Occasionally a museum houses exhibits that are so small they can't been fully appreciated unless they are viewed under a microscope. This makes them difficult to mount in a display. If they were laid out alongside a microscope they could only be observed by one person at a time.

The Museum of the History of Science, in Broad Street, has overcome this problem by inviting artist Heather Barnett and performance poet Will Holloway to create a representation of one of their collections, using poetry and art.

The exhibits at the centre of the museum's Small Worlds show is a cabinet of slides collected between 1860 and 1930, at a time when microscopy was a fashionable hobby.

The slides, which were donated to the museum two years ago, contain a variety of specimens such as fungi, plant parts, animal and human tissue samples, insects and - strangest of all - a miniaturised photograph of a hunting expedition.
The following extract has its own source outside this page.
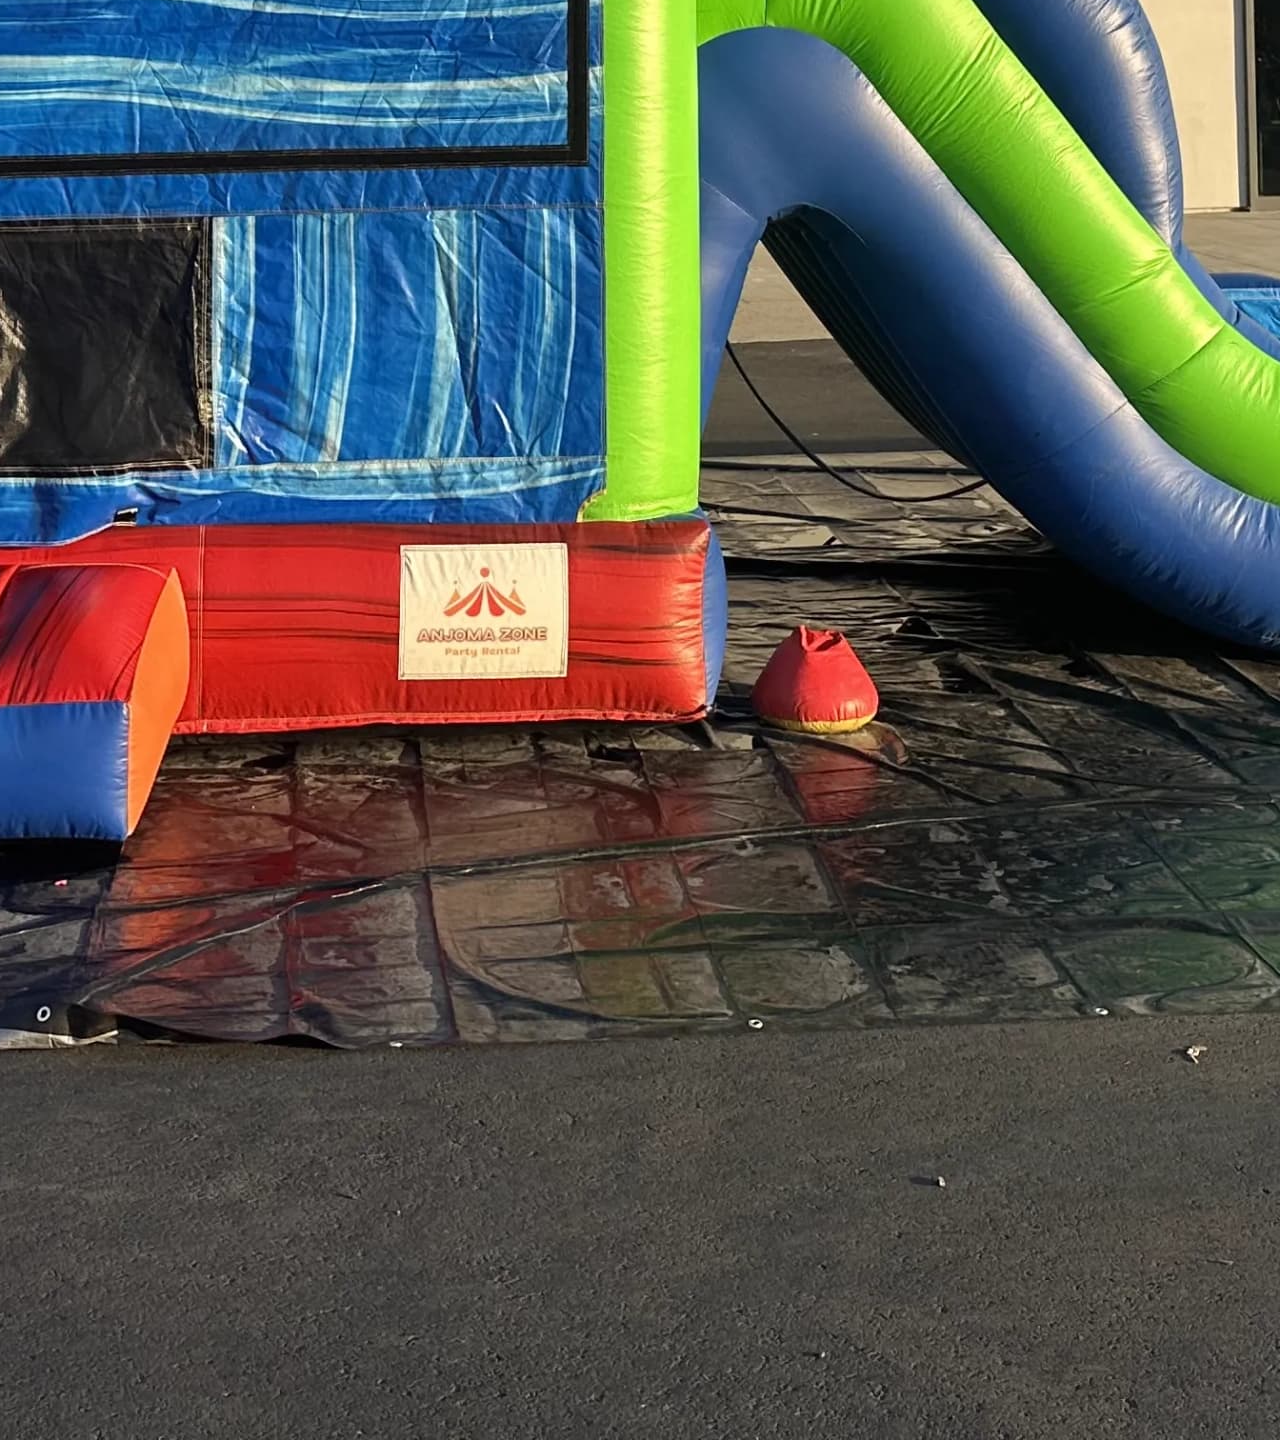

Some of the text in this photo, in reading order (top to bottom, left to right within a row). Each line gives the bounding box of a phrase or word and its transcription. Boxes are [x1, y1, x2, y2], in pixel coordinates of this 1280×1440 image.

[417, 626, 548, 643] ANJOMA ZONE
[445, 646, 520, 657] Party Rental
Heather and Will's task was to help the visitor discover these specimens in all sorts of weird and wonderful ways, including plankton-patterned curtains, animations and audio poems.

Their aim when planning their strategies, Heather explained, was to take the audience on a journey. They have played with ideas of scale and vision. They have also come up different ways of making the invisible visible. The relationship between the small worlds of miscroscopy and the macrospic world is celebrated too. The result is an exciting, accessible exhibition which really does give people the experience of being under the microscope while visiting a show that aims for the grand scale and achieves it.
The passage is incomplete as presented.